2. Check and Plan for Debt Coming Due. Do your best to avoid becoming a victim of the credit freeze. Review your long-term debt, your loan covenants, and any major interest payments coming due in the next 12 to 18 months. Plan to refinance your debt with the assumption that it will be difficult to extend your current terms. Level 3 Communications, for example, has already laid plans to restructure its debt coming due over the next five years. According to the Wall Street Journal, Level 3 is in talks with its largest stakeholders to exchange some of its debt coming due for equity. Inform your existing shareholders that you plan a debt for equity exchange so that your largest and closest financial stakeholders can be prepared for future possible dilution.

3. Keep Your Customers Without Discounting Your Product. Your customers are as stretched as you are. Competitors may be desperately cutting prices to stay in business.

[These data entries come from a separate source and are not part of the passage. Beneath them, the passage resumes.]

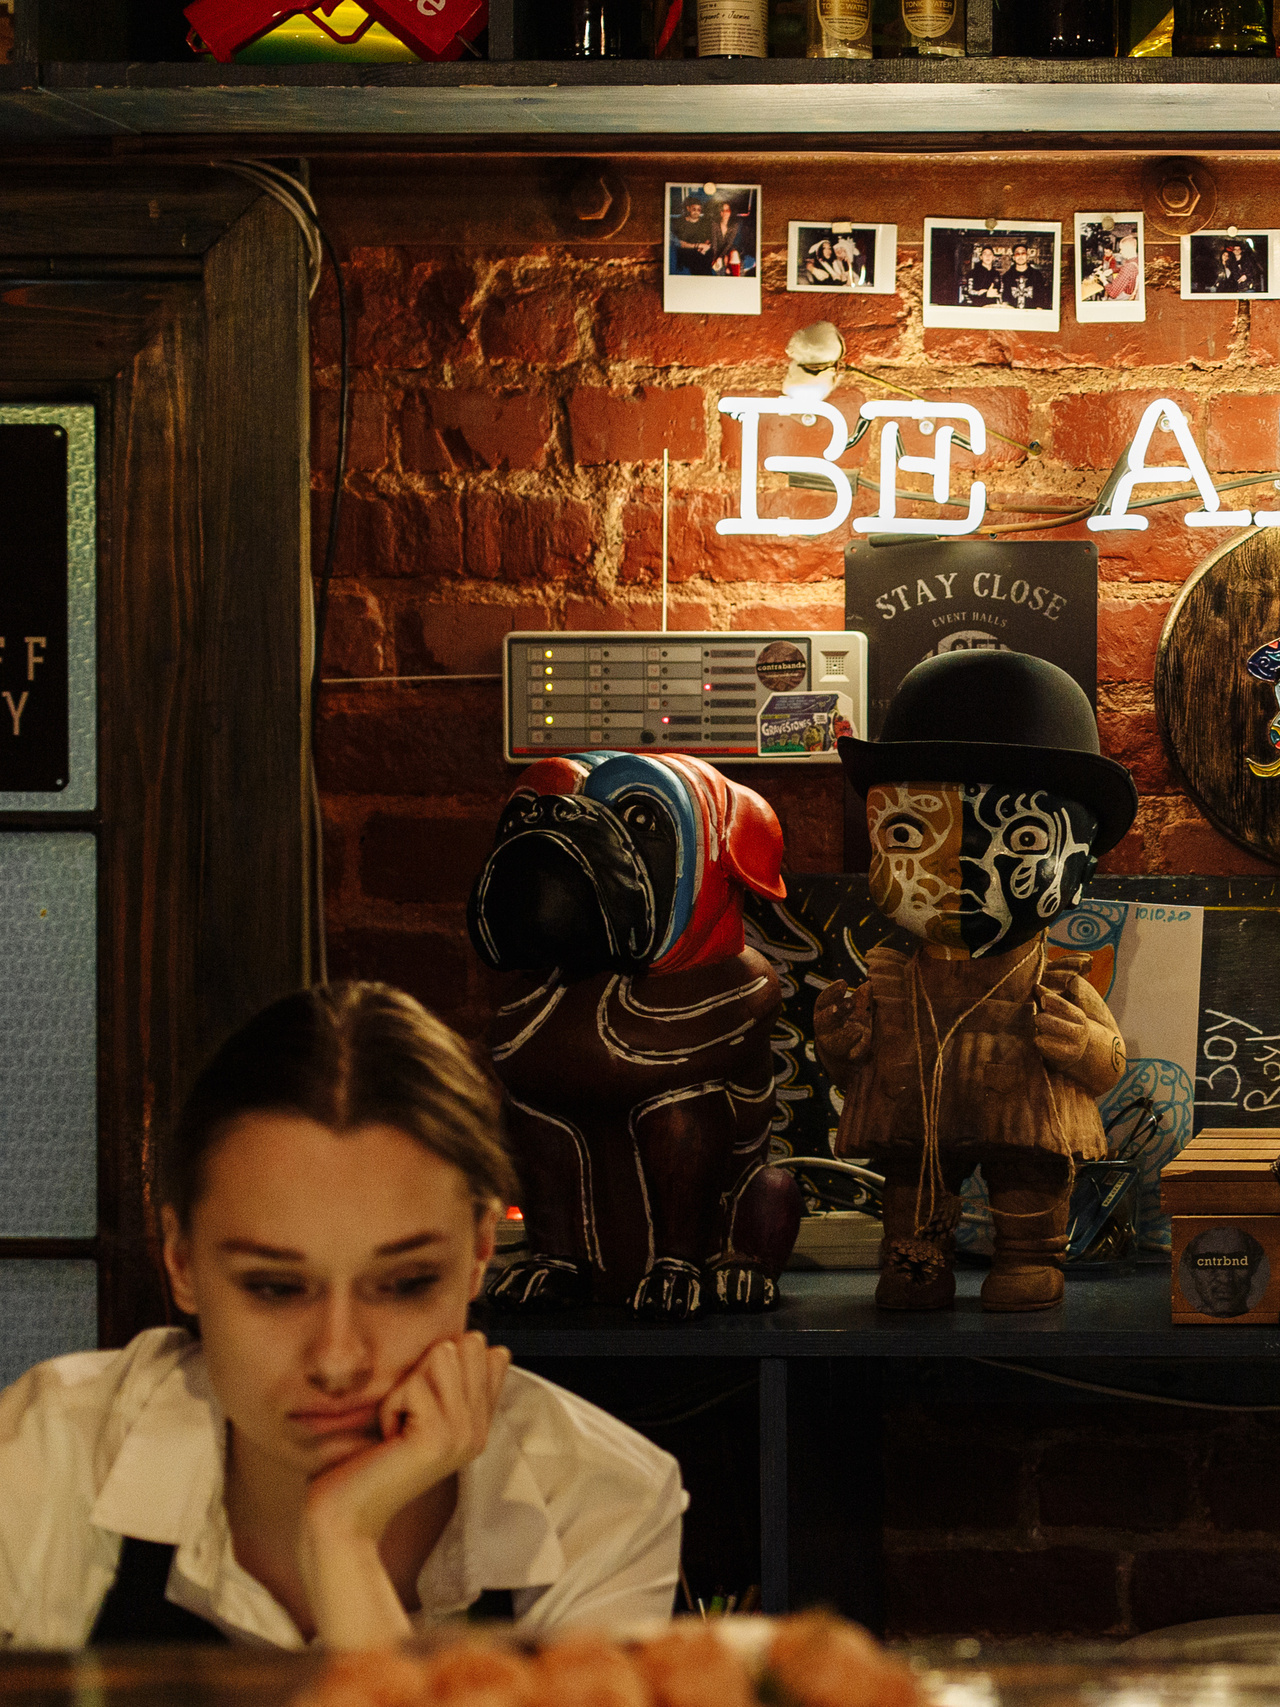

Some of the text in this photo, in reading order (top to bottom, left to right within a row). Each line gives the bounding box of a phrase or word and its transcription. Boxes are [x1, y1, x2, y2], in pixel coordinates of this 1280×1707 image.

[715, 396, 987, 536] BE
[875, 572, 1068, 621] STAY CLOSE
[932, 611, 1008, 628] EVENT HALLS
[757, 660, 806, 672] contrabanda
[1135, 907, 1191, 922] 10.10.20
[1197, 1255, 1249, 1266] cntrbnd

Yet, they may be destroying their hard-earned brand equity in the process. Where possible, try to reposition your product around its distinctive attributes. Emphasize the superior quality of your product/service. Offer your best customers longer payment terms. Try short-term promotions that attempt to reel in new customers. Large firms should visit their customers and work with them to design more customized solutions. Procter and Gamble, for example, is relying more heavily on promoting the quality and wholesome nature of its products instead of cutting prices to boost revenues for the next several quarters. Although P&G will continue to issue coupons for some of its products, its most recent ads demonstrate how versatile its products will be for taking care of home and families. Retailers are taking a similar approach. Kroger is mailing coupon sets to its customers based on their prior buying patterns to encourage repeat buying and to reward frequent customers with preferential pricing through coupons.

4. Look Out for Problems in Your Supply Chain. With outsourcing all the rage, be prepared for possible disruptions occurring from financial and labor issues impacting your suppliers, too. Your suppliers may be in even more dire financial straits than you are. Look for alternative suppliers for your off-the-shelf needs, just in case. On core products and technologies, work with your supplier to share costs and risks. The upside is that both will profit handsomely when the economy recovers. Ford Motor Co., looking to compete with Toyota and GM, is working closely with key supplier Johnson Controls and Saft Groupe of France to accelerate the design and production of advanced lithium-ion batteries for its next-generation hybrid vehicles. By working closely with Johnson Controls, Ford seeks to dramatically slice down product development time.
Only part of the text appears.